Faltam apenas algumas horas para a cerimônia de juramento em Washington do 46º presidente dos Estados Unidos, Joe Biden. Uma presidência que, após as contestações levantadas por parte de Donald Trump e o dramático assalto ao Capitólio, tem diante de si, antes de tudo, a tarefa de reparar as fraturas no tecido social estadunidense.
Alessandro Gisotti – Vatican News
Os Estados Unidos ainda estão abalados com o que ocorreu em 6 de janeiro com o assalto ao Capitólio que causou a morte de cinco pessoas. Um evento sem precedentes que, no entanto, manifestou dramaticamente as divisões presentes na sociedade estadunidense que vão além da dimensão política. Uma polarização que se aprofundou nos últimos anos e que, de acordo com muitos observadores, não está destinada a desaparecer a curto prazo. Não é coincidência que o tema escolhido pelo novo presidente Joe Biden para sua cerimônia de juramento seja America United. Esta necessidade de unidade nacional é amplamente sentida por todos os estadunidenses, também com a consciência de que somente se estivermos unidos poderemos enfrentar a pandemia e a grave crise econômica que se seguiu.
Até o Papa Francisco sempre enfatizou o valor da unidade dos estadunidenses inscrita até mesmo no brasão da nação, E pluribus unum. Em sua viagem apostólica aos Estados Unidos em 2015, foi o primeiro Pontífice a discursar no Congresso em sessão conjunta. Naquela ocasião, fez um discurso que – através de figuras como Lincoln, Dorothy Day, Merton e Martin Luther King – enfatizou o que torna a democracia dos Estados Unidos de alguma forma única. Desde aquele discurso de cinco anos atrás até suas palavras no Angelus de 10 de janeiro sobre o que havia acontecido no Capitólio quatro dias antes, Francisco sempre encorajou a rejeitar as tentações perturbadoras e a trabalhar, com paciência e coragem, pela reconciliação e unidade.
Significativamente, em uma mensagem enviada nesta segunda-feira por ocasião do Dia de Martin Luther King, exortou os estadunidenses a “voltarem” ao sonho do líder afro-americano. Os Estados Unidos precisam realizar esse sonho incompleto de “harmonia e igualdade”. Um sonho que “permanece sempre atual” e na verdade se torna ainda mais urgente em um país onde, apesar das grandes possibilidades econômicas, as injustiças e os conflitos sociais persistem – agora também exacerbados pela pandemia. Este é, portanto, o momento de deixar o “nós” prevalecer sobre o “eu”, curar as feridas e achar uma unidade renovada baseada naqueles princípios que sempre sustentaram a democracia estadunidense, tornando-a protagonista no cenário internacional.
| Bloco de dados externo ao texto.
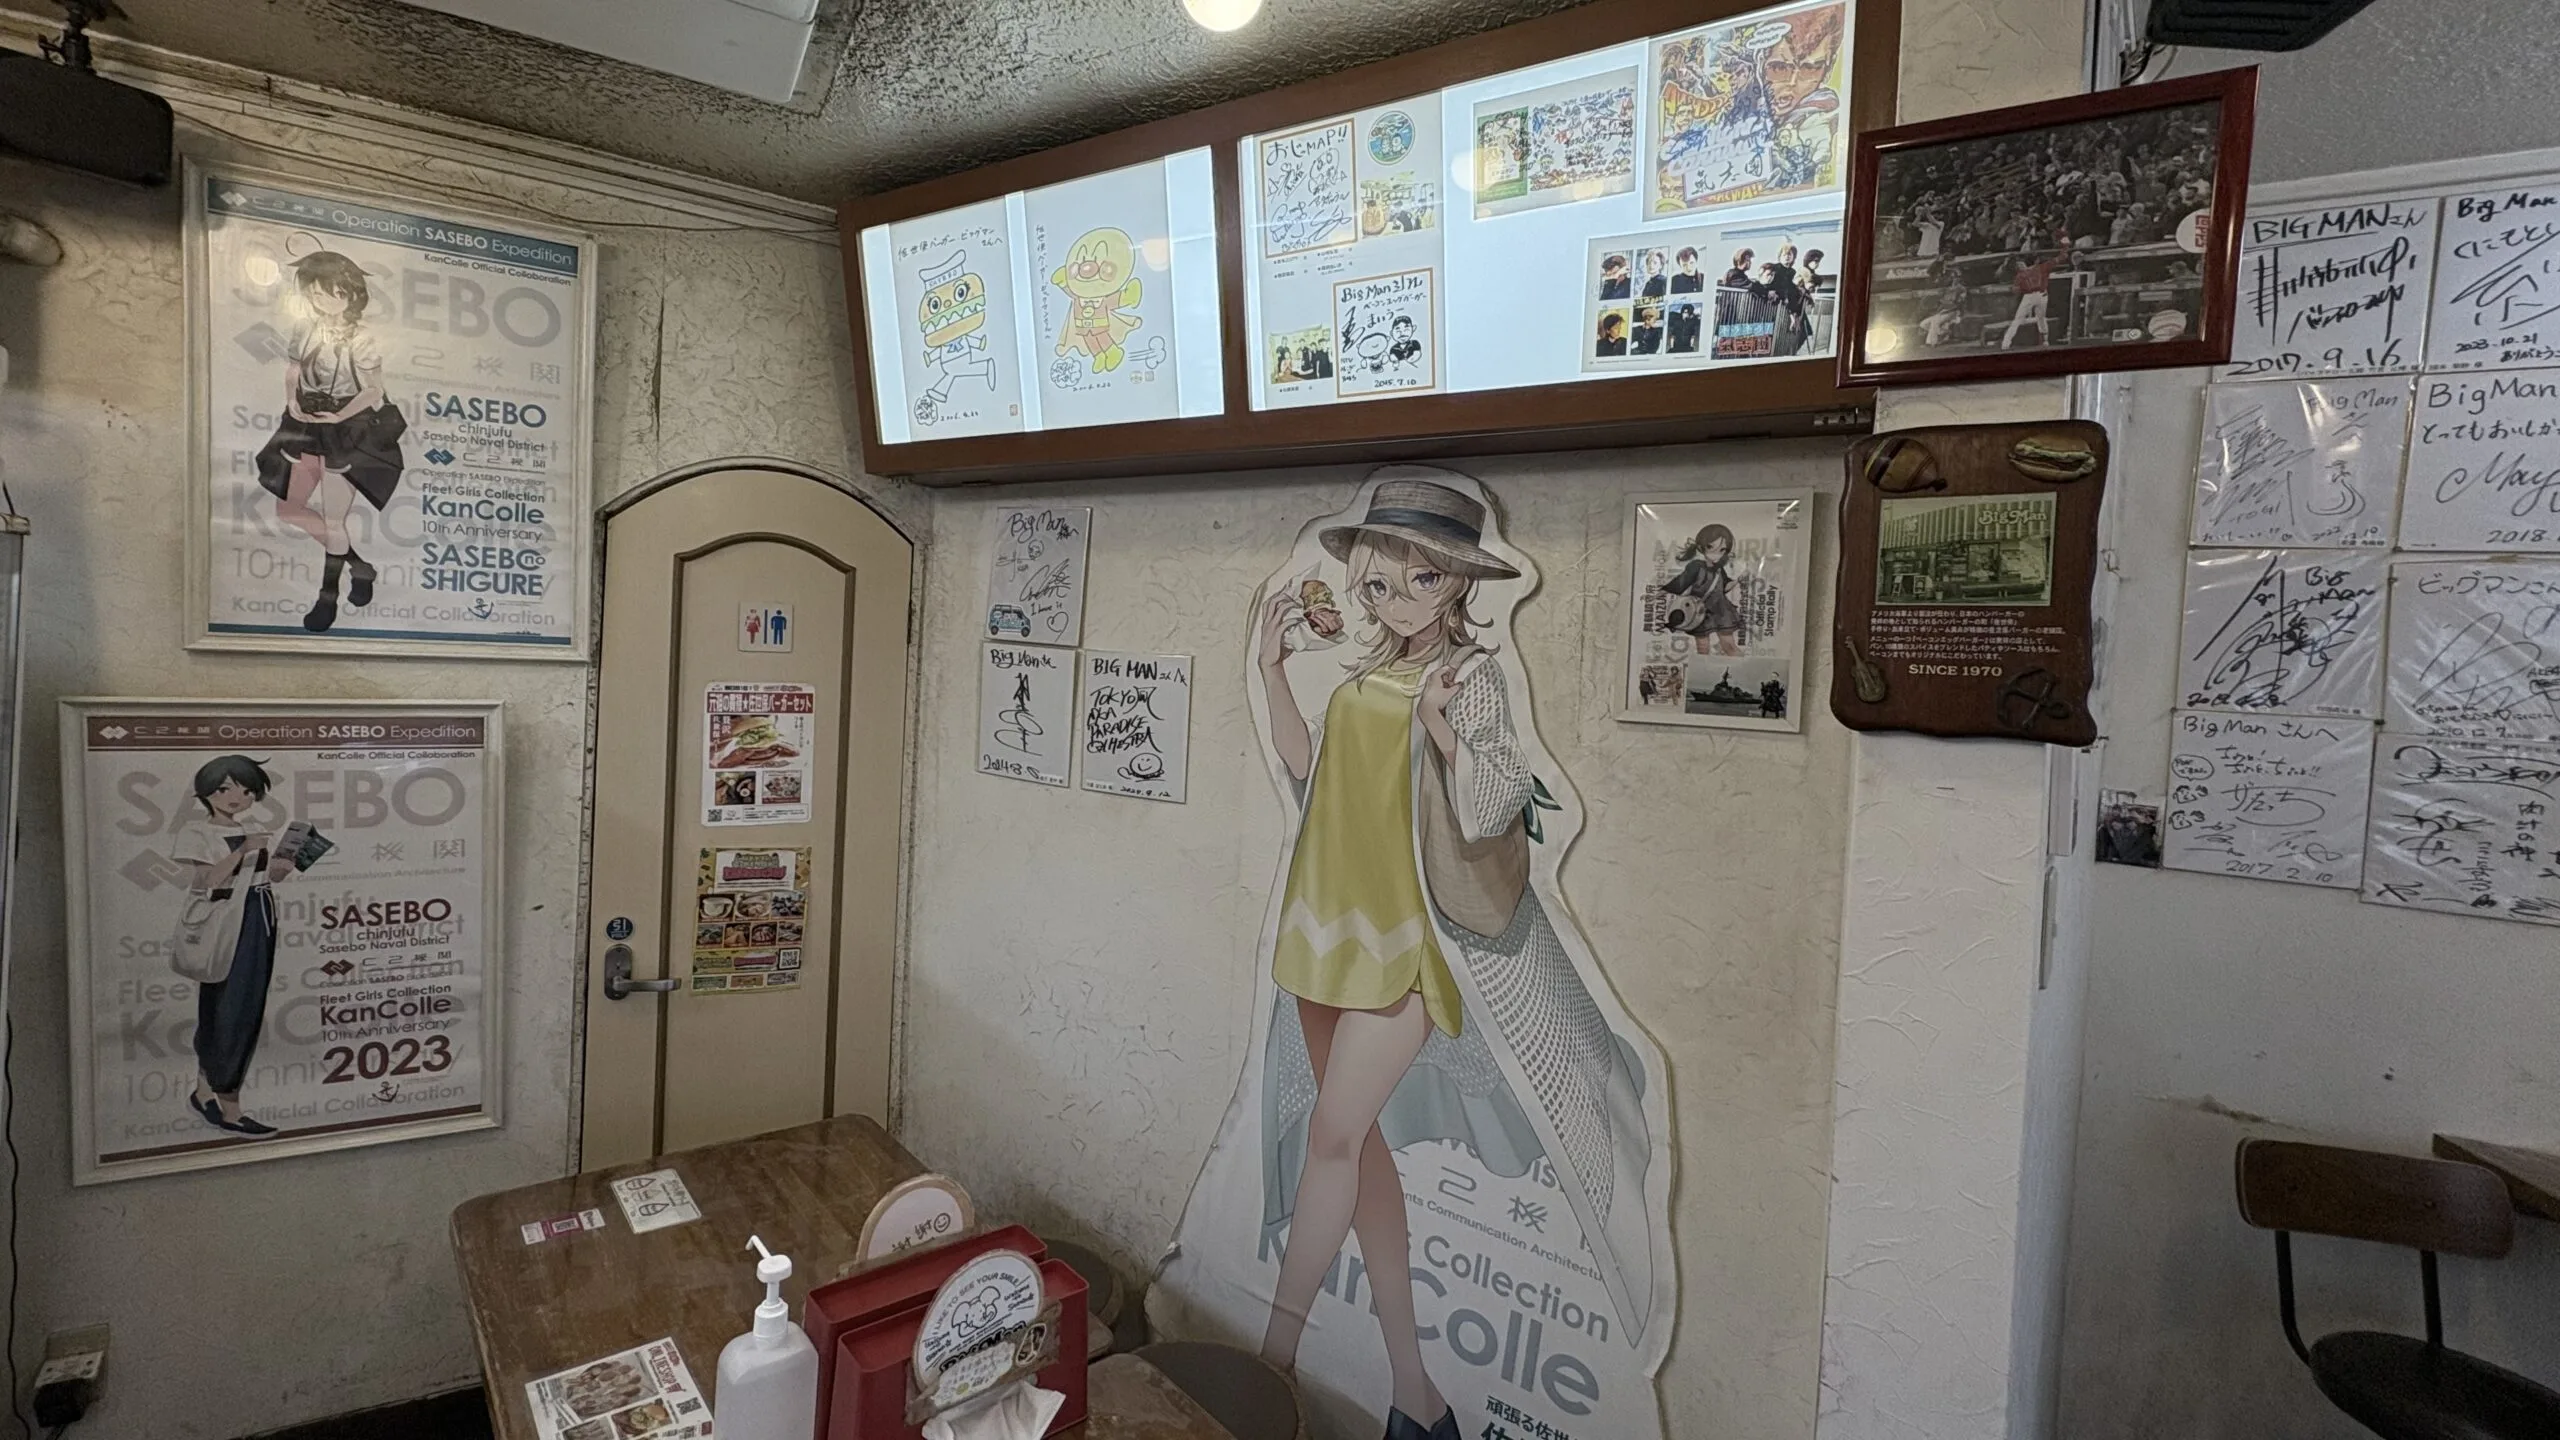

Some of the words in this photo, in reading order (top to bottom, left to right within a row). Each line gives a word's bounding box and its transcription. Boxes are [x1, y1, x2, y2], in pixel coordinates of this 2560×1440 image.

[2457, 196, 2501, 223] Big
[2503, 192, 2560, 211] Man
[2253, 219, 2310, 245] BIG
[2316, 201, 2390, 237] MAN
[332, 208, 421, 238] Operation
[425, 226, 488, 250] SASEBO
[491, 239, 572, 268] Expedition
[424, 252, 469, 269] KanColle
[471, 260, 506, 276] Official
[508, 266, 572, 287] Collaboration
[1341, 287, 1364, 303] Big
[1365, 284, 1392, 300] Man
[2353, 386, 2400, 408] Man
[2428, 382, 2487, 415] Big
[2488, 377, 2557, 400] Man
[425, 391, 547, 428] SASEBO
[423, 430, 467, 444] Sasebo
[470, 436, 505, 448] Naval
[507, 439, 545, 452] District
[458, 423, 513, 438] chinjufu
[422, 482, 452, 495] Fleet
[455, 486, 481, 498] Girls
[484, 488, 545, 503] Collection
[422, 494, 545, 524] KanColle
[422, 519, 450, 534] 10th
[453, 523, 543, 543] Anniversary
[1007, 511, 1036, 544] Big
[1037, 509, 1068, 533] Man
[2484, 528, 2546, 545] 2018
[420, 567, 543, 596] SHIGURE
[2305, 566, 2351, 587] Big
[1764, 584, 1779, 607] Rally
[1755, 593, 1766, 627] Official
[1764, 607, 1777, 638] Stamp
[990, 648, 1015, 669] Big
[1092, 656, 1122, 677] BIG
[1126, 660, 1159, 682] MAN
[1908, 663, 1958, 676] SINCE
[1962, 665, 2003, 678] 1970
[218, 723, 312, 742] Operation
[317, 724, 386, 738] SASEBO
[390, 723, 477, 742] Expedition
[1088, 714, 1148, 741] PARADISE
[2183, 714, 2218, 738] Big
[2223, 718, 2267, 735] Man
[2278, 720, 2340, 742] さんへ
[316, 751, 365, 761] KanColle
[368, 750, 405, 760] Official
[407, 749, 476, 760] Collaboration
[320, 898, 452, 930] SASEBO
[319, 943, 367, 954] Sasebo
[370, 939, 407, 950] Naval
[410, 935, 450, 947] District
[356, 926, 415, 941] chinjufu
[320, 992, 353, 1006] Fleet
[355, 989, 383, 1001] Girls
[386, 983, 452, 998] Collection
[320, 996, 452, 1026] KanColle
[354, 1017, 452, 1040] Anniversary
[322, 1034, 453, 1084] 2023
[1427, 1199, 1528, 1250] Communication
[1530, 1243, 1603, 1282] Architectu
[960, 1281, 975, 1297] SEE
[976, 1272, 999, 1285] YOUR
[1424, 1234, 1609, 1344] Collection
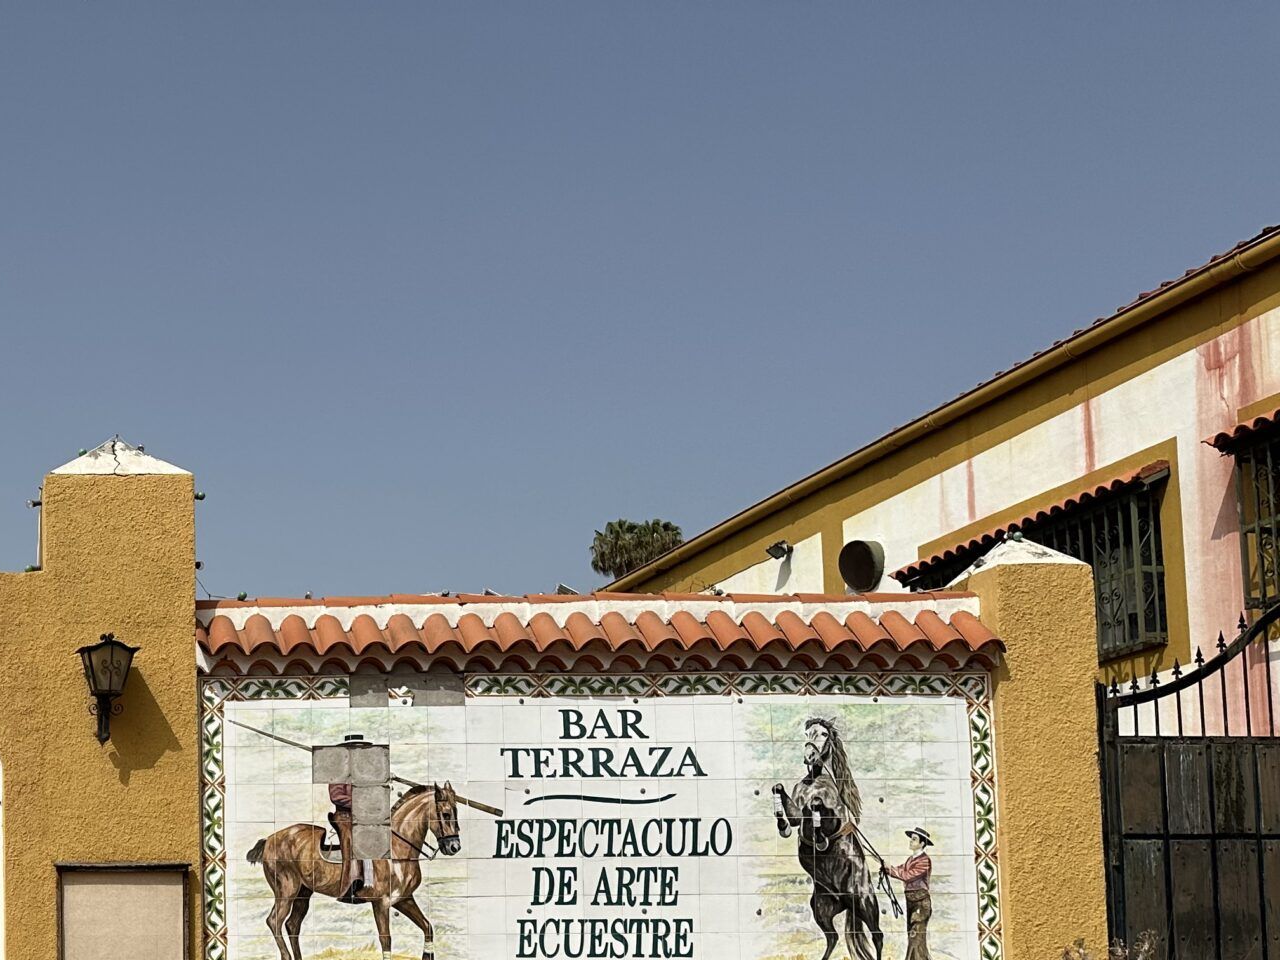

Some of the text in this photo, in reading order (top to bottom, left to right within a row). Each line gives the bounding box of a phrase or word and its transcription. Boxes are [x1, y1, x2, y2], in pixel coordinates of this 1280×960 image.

[558, 708, 650, 740] BAR
[500, 746, 709, 778] TERRAZA
[492, 817, 734, 859] ESPECTACULO
[530, 866, 680, 907] DE ARTE
[515, 917, 695, 959] ECUESTRE
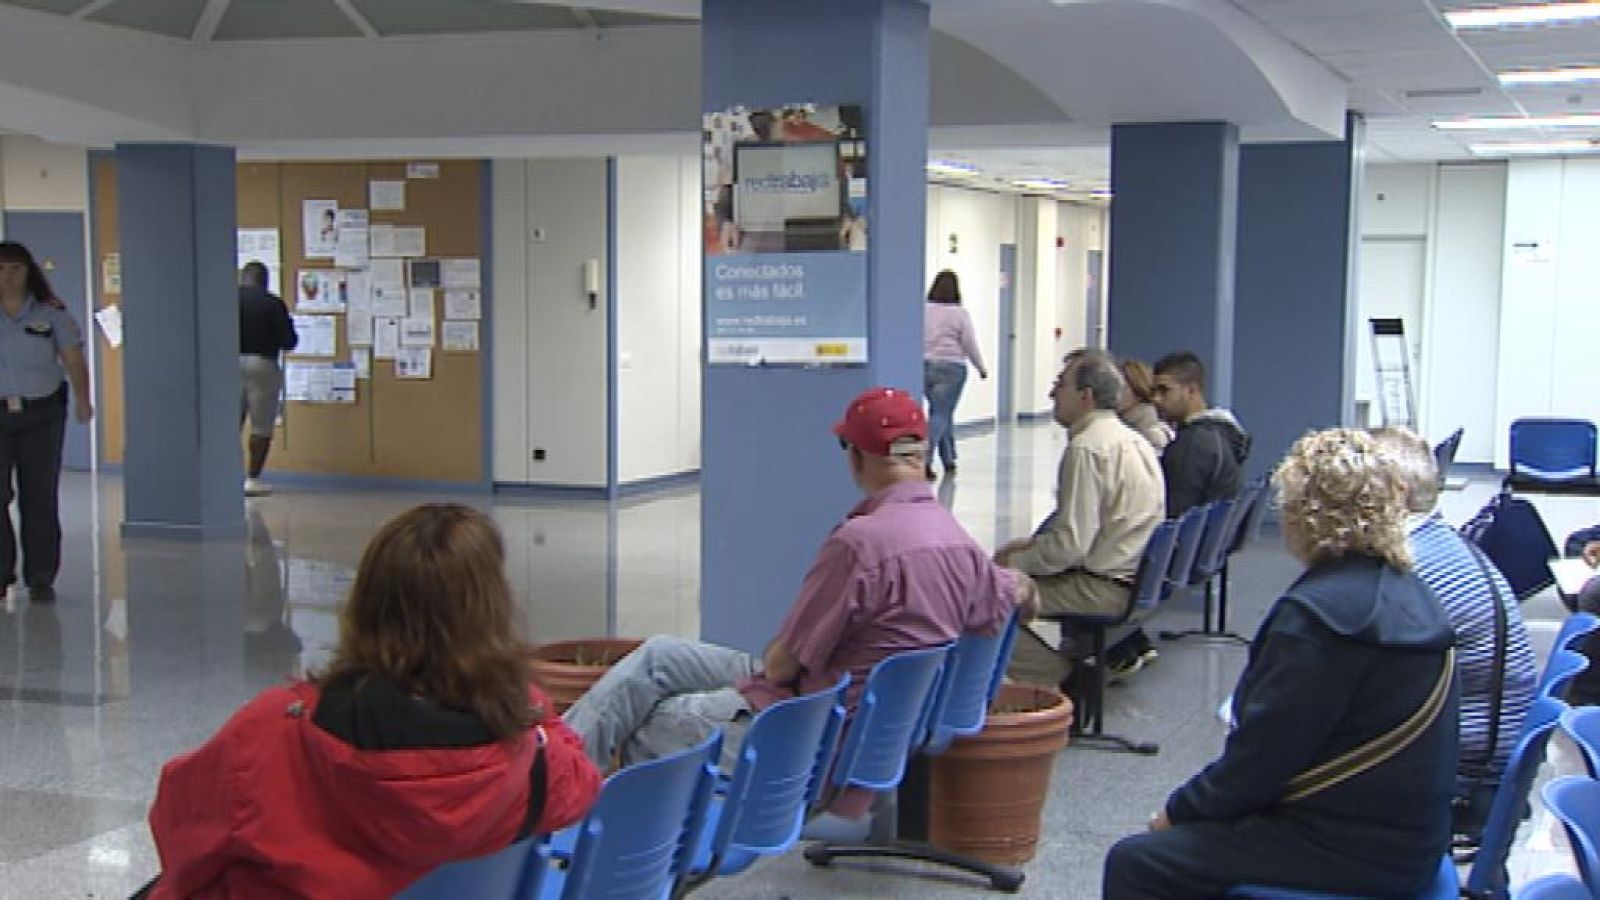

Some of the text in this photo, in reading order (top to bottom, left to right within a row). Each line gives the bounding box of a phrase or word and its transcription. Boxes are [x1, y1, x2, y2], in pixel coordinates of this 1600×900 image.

É precisamente a questão da reconciliação nacional que será o maior desafio, especialmente na primeira fase da presidência de Biden. Alguém observou que nunca os componentes de uma Administração foram tão multirraciais, começando pela vice-presidente Kamala Harris. Ao lado do tema interno da “cura” da sociedade estadunidense, há também a frente ad extra, sobre a qual os holofotes internacionais estão acesos. Após anos muitas vezes marcados por decisões unilaterais ou acordos bilaterais, existe de fato uma grande expectativa de um “retorno” ao multilateralismo e uma retomada da relação de confiança com as organizações internacionais, começando pela ONU. Alguns passos nessa direção já foram anunciados nas últimas semanas, tais como o retorno dos Estados Unidos ao Acordo de Paris sobre o clima. Uma escolha que converge com o compromisso do Papa Francisco em favor da custódia da lar Comum, expressa em particular na “Laudato si“.
Enquanto Joe Biden se prepara para jurar como o 46º presidente dos Estados Unidos, o que ocorreu no Capitólio nos últimos dias nos lembra que a democracia e suas instituições são preciosas e não devem ser consideradas como algo “garantido” simplesmente porque existem há tanto tempo. Esta consciência não deve permanecer um enunciado, mas – para retomar a Fratelli tutti – requer um esforço concreto em todos os níveis. Compromisso não só dos líderes políticos mas de todo o povo e de seus movimentos, para promover o bem comum e fortalecer a democracia. Isto é ainda mais verdadeiro hoje, em um período histórico no qual, apesar dos impulsos centrífugos e dos interesses nacionalistas, a pandemia mostrou dramaticamente que “ninguém se salva sozinho”.